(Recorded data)
BEGIN

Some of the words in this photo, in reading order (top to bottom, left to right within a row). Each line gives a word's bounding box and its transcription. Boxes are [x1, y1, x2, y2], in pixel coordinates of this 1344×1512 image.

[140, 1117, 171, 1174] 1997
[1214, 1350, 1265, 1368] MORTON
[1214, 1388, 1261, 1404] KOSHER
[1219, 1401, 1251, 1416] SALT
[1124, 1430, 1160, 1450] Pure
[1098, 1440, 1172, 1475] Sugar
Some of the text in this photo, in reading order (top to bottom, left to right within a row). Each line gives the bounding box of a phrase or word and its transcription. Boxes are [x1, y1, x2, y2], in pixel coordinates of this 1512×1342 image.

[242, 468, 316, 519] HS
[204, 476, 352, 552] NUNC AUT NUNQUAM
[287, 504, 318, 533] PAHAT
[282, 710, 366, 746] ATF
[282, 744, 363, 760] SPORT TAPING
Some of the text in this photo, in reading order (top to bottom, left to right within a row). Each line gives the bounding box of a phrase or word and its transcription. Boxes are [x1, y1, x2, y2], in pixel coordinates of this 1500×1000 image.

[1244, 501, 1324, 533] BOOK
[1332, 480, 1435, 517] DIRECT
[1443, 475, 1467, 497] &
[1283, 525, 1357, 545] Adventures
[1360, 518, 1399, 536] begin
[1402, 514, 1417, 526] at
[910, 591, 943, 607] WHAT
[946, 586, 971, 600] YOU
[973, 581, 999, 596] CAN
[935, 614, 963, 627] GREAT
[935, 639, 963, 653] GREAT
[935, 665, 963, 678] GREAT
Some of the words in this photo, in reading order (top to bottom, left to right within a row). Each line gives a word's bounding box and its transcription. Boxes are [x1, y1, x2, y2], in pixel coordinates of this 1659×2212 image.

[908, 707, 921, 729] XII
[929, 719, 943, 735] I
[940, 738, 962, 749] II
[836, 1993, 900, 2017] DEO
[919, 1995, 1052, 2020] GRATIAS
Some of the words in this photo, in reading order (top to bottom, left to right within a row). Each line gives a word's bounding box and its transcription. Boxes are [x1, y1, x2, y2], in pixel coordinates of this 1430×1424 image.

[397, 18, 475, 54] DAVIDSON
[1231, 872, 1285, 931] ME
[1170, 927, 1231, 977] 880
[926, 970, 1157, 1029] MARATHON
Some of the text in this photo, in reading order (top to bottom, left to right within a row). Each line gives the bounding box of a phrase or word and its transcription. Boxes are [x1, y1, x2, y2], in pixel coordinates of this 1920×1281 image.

END

:: What is being asked ::
The whole block of entries above should be repeated exactly.

:: Output ::
Some of the words in this photo, in reading order (top to bottom, left to right within a row). Each line gives a word's bounding box and its transcription. Boxes are [x1, y1, x2, y2], in pixel coordinates of this 1344×1512 image.

[140, 1117, 171, 1174] 1997
[1214, 1350, 1265, 1368] MORTON
[1214, 1388, 1261, 1404] KOSHER
[1219, 1401, 1251, 1416] SALT
[1124, 1430, 1160, 1450] Pure
[1098, 1440, 1172, 1475] Sugar
Some of the text in this photo, in reading order (top to bottom, left to right within a row). Each line gives the bounding box of a phrase or word and its transcription. Boxes are [x1, y1, x2, y2], in pixel coordinates of this 1512×1342 image.

[242, 468, 316, 519] HS
[204, 476, 352, 552] NUNC AUT NUNQUAM
[287, 504, 318, 533] PAHAT
[282, 710, 366, 746] ATF
[282, 744, 363, 760] SPORT TAPING
Some of the text in this photo, in reading order (top to bottom, left to right within a row). Each line gives the bounding box of a phrase or word and its transcription. Boxes are [x1, y1, x2, y2], in pixel coordinates of this 1500×1000 image.

[1244, 501, 1324, 533] BOOK
[1332, 480, 1435, 517] DIRECT
[1443, 475, 1467, 497] &
[1283, 525, 1357, 545] Adventures
[1360, 518, 1399, 536] begin
[1402, 514, 1417, 526] at
[910, 591, 943, 607] WHAT
[946, 586, 971, 600] YOU
[973, 581, 999, 596] CAN
[935, 614, 963, 627] GREAT
[935, 639, 963, 653] GREAT
[935, 665, 963, 678] GREAT
Some of the words in this photo, in reading order (top to bottom, left to right within a row). Each line gives a word's bounding box and its transcription. Boxes are [x1, y1, x2, y2], in pixel coordinates of this 1659×2212 image.

[908, 707, 921, 729] XII
[929, 719, 943, 735] I
[940, 738, 962, 749] II
[836, 1993, 900, 2017] DEO
[919, 1995, 1052, 2020] GRATIAS
Some of the words in this photo, in reading order (top to bottom, left to right within a row). Each line gives a word's bounding box and its transcription. Boxes are [x1, y1, x2, y2], in pixel coordinates of this 1430×1424 image.

[397, 18, 475, 54] DAVIDSON
[1231, 872, 1285, 931] ME
[1170, 927, 1231, 977] 880
[926, 970, 1157, 1029] MARATHON
Some of the text in this photo, in reading order (top to bottom, left to right within a row). Each line gives the bounding box of a phrase or word and its transcription. Boxes are [x1, y1, x2, y2], in pixel coordinates of this 1920×1281 image.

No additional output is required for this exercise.